[Dataset entries]
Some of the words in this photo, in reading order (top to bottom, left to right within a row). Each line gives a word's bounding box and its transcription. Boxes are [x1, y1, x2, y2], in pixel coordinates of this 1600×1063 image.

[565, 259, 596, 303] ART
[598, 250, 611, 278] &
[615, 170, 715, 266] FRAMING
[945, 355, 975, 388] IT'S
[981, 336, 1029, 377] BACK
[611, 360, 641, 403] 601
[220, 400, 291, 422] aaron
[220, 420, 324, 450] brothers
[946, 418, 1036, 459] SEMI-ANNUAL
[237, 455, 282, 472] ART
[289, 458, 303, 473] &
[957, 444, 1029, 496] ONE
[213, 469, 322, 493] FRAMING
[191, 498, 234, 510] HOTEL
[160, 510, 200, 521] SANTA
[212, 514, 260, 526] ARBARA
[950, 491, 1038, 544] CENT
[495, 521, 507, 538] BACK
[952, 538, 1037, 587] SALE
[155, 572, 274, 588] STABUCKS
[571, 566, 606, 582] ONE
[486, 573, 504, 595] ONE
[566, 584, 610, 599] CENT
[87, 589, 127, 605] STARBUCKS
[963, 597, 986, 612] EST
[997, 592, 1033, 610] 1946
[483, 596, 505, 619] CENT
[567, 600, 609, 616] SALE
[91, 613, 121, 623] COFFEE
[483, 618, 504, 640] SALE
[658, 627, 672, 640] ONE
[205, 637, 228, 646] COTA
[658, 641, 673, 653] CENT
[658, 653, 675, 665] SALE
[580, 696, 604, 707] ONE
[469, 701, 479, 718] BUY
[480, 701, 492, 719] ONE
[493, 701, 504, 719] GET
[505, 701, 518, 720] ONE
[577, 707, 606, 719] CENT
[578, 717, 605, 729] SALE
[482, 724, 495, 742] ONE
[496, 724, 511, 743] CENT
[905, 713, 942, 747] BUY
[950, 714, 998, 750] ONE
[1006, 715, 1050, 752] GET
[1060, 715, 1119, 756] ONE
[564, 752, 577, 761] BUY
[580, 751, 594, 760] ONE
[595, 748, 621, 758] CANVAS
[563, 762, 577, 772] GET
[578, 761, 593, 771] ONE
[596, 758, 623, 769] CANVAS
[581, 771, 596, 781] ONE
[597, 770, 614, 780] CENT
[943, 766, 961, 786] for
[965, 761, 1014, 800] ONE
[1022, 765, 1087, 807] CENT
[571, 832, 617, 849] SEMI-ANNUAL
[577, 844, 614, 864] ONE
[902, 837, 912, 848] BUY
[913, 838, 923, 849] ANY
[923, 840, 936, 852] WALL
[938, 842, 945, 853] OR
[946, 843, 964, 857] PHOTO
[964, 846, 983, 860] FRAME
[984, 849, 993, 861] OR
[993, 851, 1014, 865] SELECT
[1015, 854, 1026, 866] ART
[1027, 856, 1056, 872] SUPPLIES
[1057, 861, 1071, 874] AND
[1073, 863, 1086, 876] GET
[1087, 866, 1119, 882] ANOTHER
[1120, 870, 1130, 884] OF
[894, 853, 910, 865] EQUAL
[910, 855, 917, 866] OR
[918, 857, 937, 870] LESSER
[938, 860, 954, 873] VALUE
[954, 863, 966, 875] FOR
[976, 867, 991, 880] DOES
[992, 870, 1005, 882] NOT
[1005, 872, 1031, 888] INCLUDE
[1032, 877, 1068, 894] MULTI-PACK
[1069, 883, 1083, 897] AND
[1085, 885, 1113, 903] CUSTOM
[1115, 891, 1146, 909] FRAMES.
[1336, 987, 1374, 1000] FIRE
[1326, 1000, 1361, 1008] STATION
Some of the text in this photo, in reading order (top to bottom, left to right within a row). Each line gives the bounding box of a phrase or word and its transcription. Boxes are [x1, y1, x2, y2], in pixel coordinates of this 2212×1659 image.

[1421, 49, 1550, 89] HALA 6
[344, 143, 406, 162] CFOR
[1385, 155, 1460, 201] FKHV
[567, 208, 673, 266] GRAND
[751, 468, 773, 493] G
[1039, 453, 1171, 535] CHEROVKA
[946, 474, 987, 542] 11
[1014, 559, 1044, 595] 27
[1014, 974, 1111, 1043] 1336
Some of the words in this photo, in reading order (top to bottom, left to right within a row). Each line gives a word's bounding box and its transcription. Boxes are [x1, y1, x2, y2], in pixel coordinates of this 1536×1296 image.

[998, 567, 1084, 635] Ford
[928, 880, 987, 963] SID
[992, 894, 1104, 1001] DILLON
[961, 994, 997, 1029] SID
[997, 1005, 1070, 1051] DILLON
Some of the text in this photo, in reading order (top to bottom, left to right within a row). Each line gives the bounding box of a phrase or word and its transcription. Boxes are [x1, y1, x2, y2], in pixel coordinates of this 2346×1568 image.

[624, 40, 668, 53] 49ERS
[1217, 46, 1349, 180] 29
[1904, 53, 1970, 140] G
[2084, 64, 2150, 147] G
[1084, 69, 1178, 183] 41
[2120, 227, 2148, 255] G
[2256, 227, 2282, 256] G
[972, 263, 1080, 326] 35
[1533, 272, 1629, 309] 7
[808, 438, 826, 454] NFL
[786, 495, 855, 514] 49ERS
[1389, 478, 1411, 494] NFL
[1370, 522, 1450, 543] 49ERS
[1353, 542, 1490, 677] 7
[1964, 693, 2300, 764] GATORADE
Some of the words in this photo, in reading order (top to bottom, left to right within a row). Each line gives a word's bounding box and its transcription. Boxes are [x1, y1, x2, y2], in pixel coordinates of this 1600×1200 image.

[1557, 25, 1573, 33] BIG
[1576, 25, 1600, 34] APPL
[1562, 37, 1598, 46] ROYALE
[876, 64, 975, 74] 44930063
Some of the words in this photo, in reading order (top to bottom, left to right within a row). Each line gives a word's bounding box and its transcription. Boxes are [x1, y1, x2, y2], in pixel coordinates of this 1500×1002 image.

**Exercise aim:**
Each line above should be reproduced exactly, with nothing omitted.

**Answer section:**
Some of the words in this photo, in reading order (top to bottom, left to right within a row). Each line gives a word's bounding box and its transcription. Boxes are [x1, y1, x2, y2], in pixel coordinates of this 1600×1063 image.

[565, 259, 596, 303] ART
[598, 250, 611, 278] &
[615, 170, 715, 266] FRAMING
[945, 355, 975, 388] IT'S
[981, 336, 1029, 377] BACK
[611, 360, 641, 403] 601
[220, 400, 291, 422] aaron
[220, 420, 324, 450] brothers
[946, 418, 1036, 459] SEMI-ANNUAL
[237, 455, 282, 472] ART
[289, 458, 303, 473] &
[957, 444, 1029, 496] ONE
[213, 469, 322, 493] FRAMING
[191, 498, 234, 510] HOTEL
[160, 510, 200, 521] SANTA
[212, 514, 260, 526] ARBARA
[950, 491, 1038, 544] CENT
[495, 521, 507, 538] BACK
[952, 538, 1037, 587] SALE
[155, 572, 274, 588] STABUCKS
[571, 566, 606, 582] ONE
[486, 573, 504, 595] ONE
[566, 584, 610, 599] CENT
[87, 589, 127, 605] STARBUCKS
[963, 597, 986, 612] EST
[997, 592, 1033, 610] 1946
[483, 596, 505, 619] CENT
[567, 600, 609, 616] SALE
[91, 613, 121, 623] COFFEE
[483, 618, 504, 640] SALE
[658, 627, 672, 640] ONE
[205, 637, 228, 646] COTA
[658, 641, 673, 653] CENT
[658, 653, 675, 665] SALE
[580, 696, 604, 707] ONE
[469, 701, 479, 718] BUY
[480, 701, 492, 719] ONE
[493, 701, 504, 719] GET
[505, 701, 518, 720] ONE
[577, 707, 606, 719] CENT
[578, 717, 605, 729] SALE
[482, 724, 495, 742] ONE
[496, 724, 511, 743] CENT
[905, 713, 942, 747] BUY
[950, 714, 998, 750] ONE
[1006, 715, 1050, 752] GET
[1060, 715, 1119, 756] ONE
[564, 752, 577, 761] BUY
[580, 751, 594, 760] ONE
[595, 748, 621, 758] CANVAS
[563, 762, 577, 772] GET
[578, 761, 593, 771] ONE
[596, 758, 623, 769] CANVAS
[581, 771, 596, 781] ONE
[597, 770, 614, 780] CENT
[943, 766, 961, 786] for
[965, 761, 1014, 800] ONE
[1022, 765, 1087, 807] CENT
[571, 832, 617, 849] SEMI-ANNUAL
[577, 844, 614, 864] ONE
[902, 837, 912, 848] BUY
[913, 838, 923, 849] ANY
[923, 840, 936, 852] WALL
[938, 842, 945, 853] OR
[946, 843, 964, 857] PHOTO
[964, 846, 983, 860] FRAME
[984, 849, 993, 861] OR
[993, 851, 1014, 865] SELECT
[1015, 854, 1026, 866] ART
[1027, 856, 1056, 872] SUPPLIES
[1057, 861, 1071, 874] AND
[1073, 863, 1086, 876] GET
[1087, 866, 1119, 882] ANOTHER
[1120, 870, 1130, 884] OF
[894, 853, 910, 865] EQUAL
[910, 855, 917, 866] OR
[918, 857, 937, 870] LESSER
[938, 860, 954, 873] VALUE
[954, 863, 966, 875] FOR
[976, 867, 991, 880] DOES
[992, 870, 1005, 882] NOT
[1005, 872, 1031, 888] INCLUDE
[1032, 877, 1068, 894] MULTI-PACK
[1069, 883, 1083, 897] AND
[1085, 885, 1113, 903] CUSTOM
[1115, 891, 1146, 909] FRAMES.
[1336, 987, 1374, 1000] FIRE
[1326, 1000, 1361, 1008] STATION
Some of the text in this photo, in reading order (top to bottom, left to right within a row). Each line gives the bounding box of a phrase or word and its transcription. Boxes are [x1, y1, x2, y2], in pixel coordinates of this 2212×1659 image.

[1421, 49, 1550, 89] HALA 6
[344, 143, 406, 162] CFOR
[1385, 155, 1460, 201] FKHV
[567, 208, 673, 266] GRAND
[751, 468, 773, 493] G
[1039, 453, 1171, 535] CHEROVKA
[946, 474, 987, 542] 11
[1014, 559, 1044, 595] 27
[1014, 974, 1111, 1043] 1336
Some of the words in this photo, in reading order (top to bottom, left to right within a row). Each line gives a word's bounding box and its transcription. Boxes are [x1, y1, x2, y2], in pixel coordinates of this 1536×1296 image.

[998, 567, 1084, 635] Ford
[928, 880, 987, 963] SID
[992, 894, 1104, 1001] DILLON
[961, 994, 997, 1029] SID
[997, 1005, 1070, 1051] DILLON
Some of the text in this photo, in reading order (top to bottom, left to right within a row). Each line gives the bounding box of a phrase or word and its transcription. Boxes are [x1, y1, x2, y2], in pixel coordinates of this 2346×1568 image.

[624, 40, 668, 53] 49ERS
[1217, 46, 1349, 180] 29
[1904, 53, 1970, 140] G
[2084, 64, 2150, 147] G
[1084, 69, 1178, 183] 41
[2120, 227, 2148, 255] G
[2256, 227, 2282, 256] G
[972, 263, 1080, 326] 35
[1533, 272, 1629, 309] 7
[808, 438, 826, 454] NFL
[786, 495, 855, 514] 49ERS
[1389, 478, 1411, 494] NFL
[1370, 522, 1450, 543] 49ERS
[1353, 542, 1490, 677] 7
[1964, 693, 2300, 764] GATORADE
Some of the words in this photo, in reading order (top to bottom, left to right within a row). Each line gives a word's bounding box and its transcription. Boxes are [x1, y1, x2, y2], in pixel coordinates of this 1600×1200 image.

[1557, 25, 1573, 33] BIG
[1576, 25, 1600, 34] APPL
[1562, 37, 1598, 46] ROYALE
[876, 64, 975, 74] 44930063
Some of the words in this photo, in reading order (top to bottom, left to right within a row). Each line gives a word's bounding box and its transcription. Boxes are [x1, y1, x2, y2], in pixel coordinates of this 1500×1002 image.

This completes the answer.